E se guardiamo a come gli israeliti trattavano l'Arca dell'Alleanza, è chiaro che gli atti di riverenza verso le cose sacre come quelli che noi mostriamo verso la Croce non sono affatto in contrasto con la loro comprensione della Legge dell'Antico Testamento.

L'Arca è indicata come "lo sgabello" dei piedi di Dio:

"Allora il re Davide si alzò in piedi, e disse: Ascoltatemi, fratelli miei, e popolo mio: per quanto mi riguarda, ho avuto a cuore di costruire una casa di riposo per l'arca del patto del Signore, e per il poggiapiedi del nostro Dio, e mi sono preparato a costruirla" (1 Cronache 28:2).

"Andremo nei suoi tabernacoli: adoreremo allo sgabello dei suoi piedi. Sorgi, Signore, nel tuo riposo, tu e l'arca della tua forza." (131[132]:7 - 8).

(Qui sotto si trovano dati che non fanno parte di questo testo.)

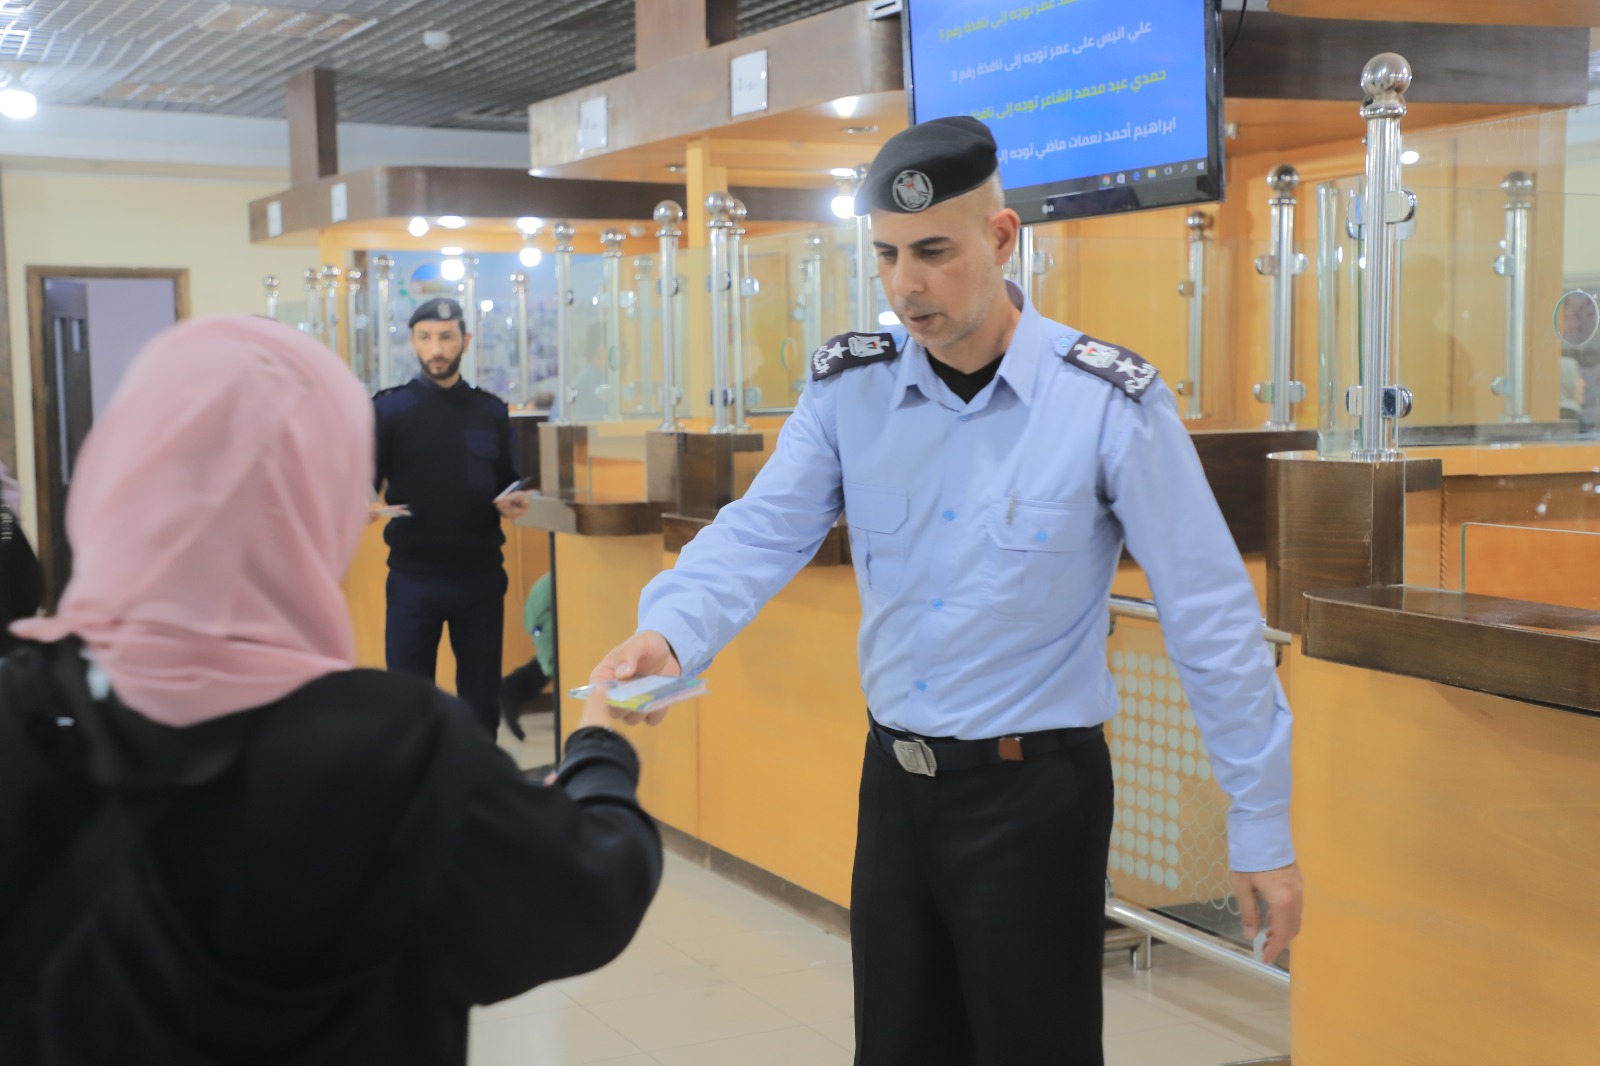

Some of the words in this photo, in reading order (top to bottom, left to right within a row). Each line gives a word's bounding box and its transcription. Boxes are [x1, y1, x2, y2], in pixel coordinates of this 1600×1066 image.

E i Salmi ci comandano specificamente il culto (letteralmente, inchinarsi davanti) all'Arca:

"Esaltate il Signore nostro Dio, prosternatevi allo sgabello dei suoi piedi, poiché egli è santo" (Sal 98 [99], 5).

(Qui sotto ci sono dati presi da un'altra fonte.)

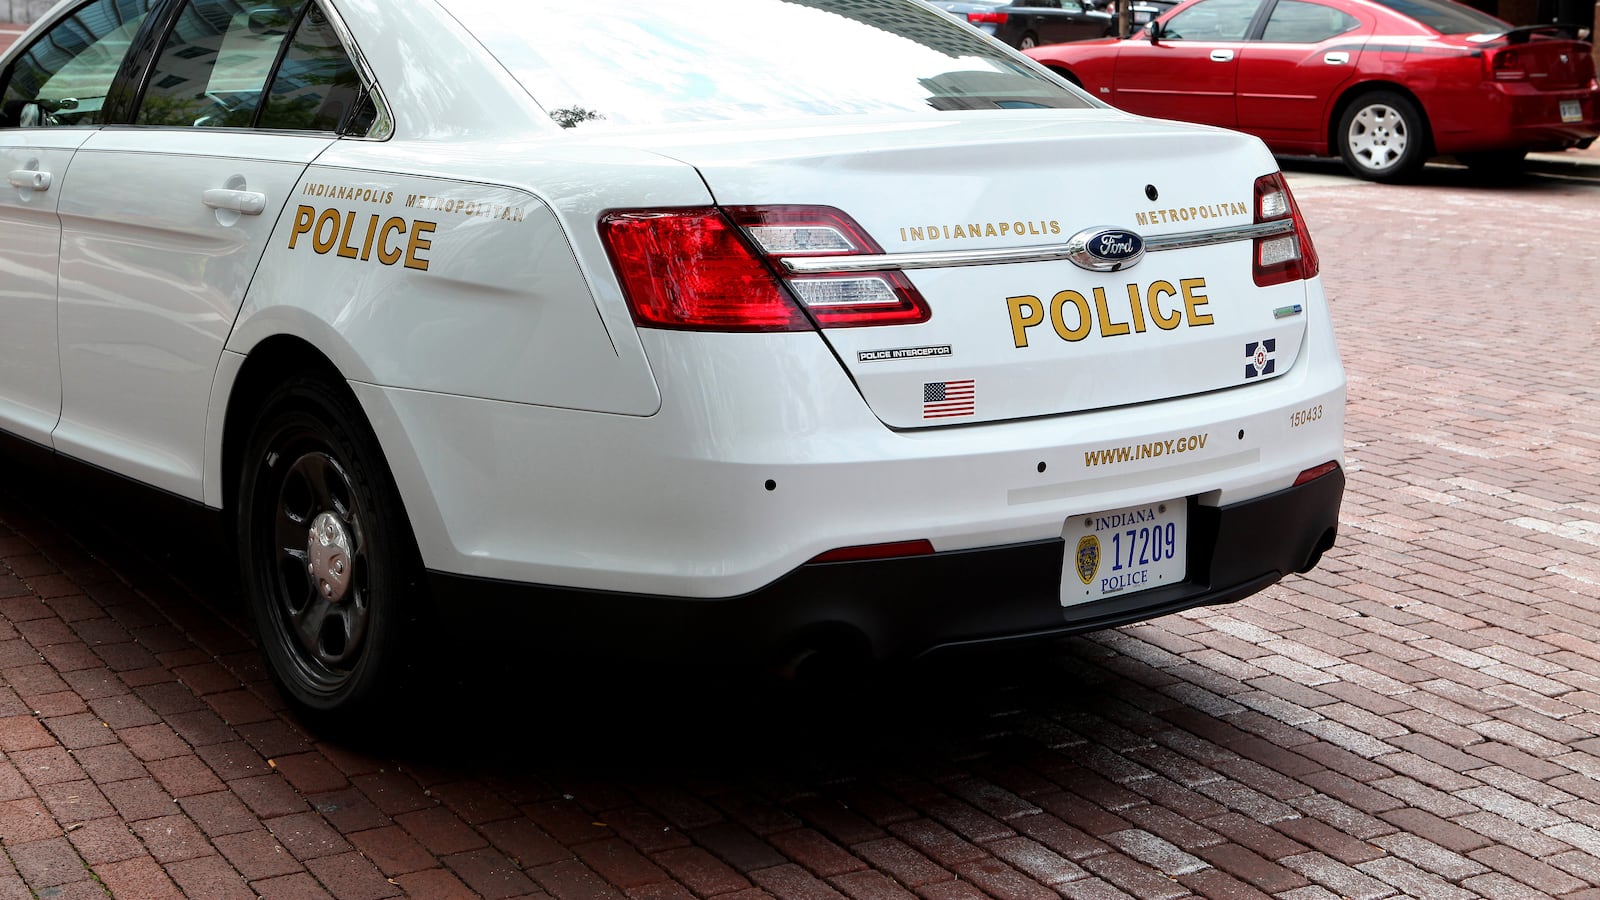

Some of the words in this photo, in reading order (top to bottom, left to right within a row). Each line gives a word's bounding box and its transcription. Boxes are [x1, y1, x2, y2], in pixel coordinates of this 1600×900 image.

[303, 182, 394, 205] INDIANAPOLIS
[405, 194, 525, 223] METROPOLITAN
[288, 204, 437, 272] POLICE
[900, 220, 1062, 242] INDIANAPOLIS
[1135, 202, 1248, 226] METROPOLITAN
[1100, 234, 1134, 256] Ford
[1006, 277, 1215, 349] POLICE
[860, 351, 891, 360] POLICE
[892, 346, 950, 358] INTERCEPTOR
[1289, 404, 1323, 428] 150433
[1084, 433, 1208, 467] WWW.INDY.GOV
[1095, 508, 1156, 532] INDIANA
[1112, 522, 1176, 571] 17209
[1101, 570, 1148, 592] POLICE
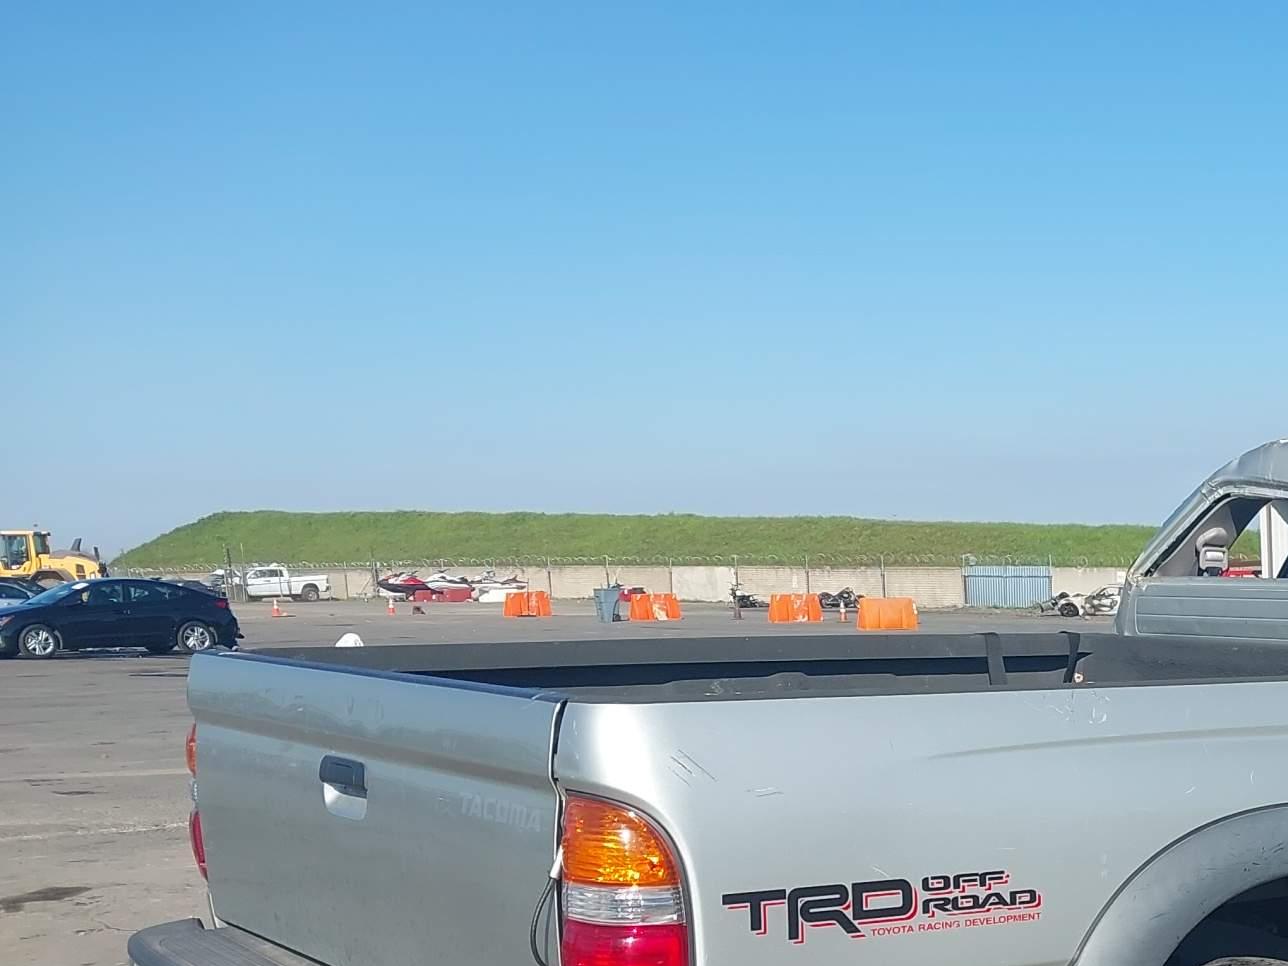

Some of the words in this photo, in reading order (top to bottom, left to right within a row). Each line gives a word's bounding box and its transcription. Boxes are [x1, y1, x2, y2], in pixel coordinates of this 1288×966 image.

[459, 791, 542, 833] TACOMA
[921, 870, 1010, 895] OFF
[721, 878, 918, 944] TRD
[921, 889, 1042, 918] ROAD
[870, 924, 915, 937] TOYOTA
[918, 920, 961, 933] RACING
[964, 912, 1041, 928] DEVELOPMENT

E vediamo che gli Israeliti di fatto si prosternavano davanti all'Arca :

"E Giosuè si stracciò le vesti, e cadde a terra con la faccia davanti all'Arca del Signore fino alla sera, lui e gli anziani d'Israele, e misero polvere sulle loro teste" (Giosuè 7:6).

La Tradizione della Chiesa collega direttamente la Croce e l'Arca dell'Alleanza, perché l'Arca è il luogo dell'espiazione, e mentre l'Arca viene indicato come "il luogo dove hanno riposato suoi piedi" (Salmo 131:7 LXX), la Croce è il luogo dove sono stati posati i piedi di Cristo, quando ha espiato i nostri peccati.

E quindi non c'è nulla nella nostra pratica che in qualche modo contraddica le Scritture.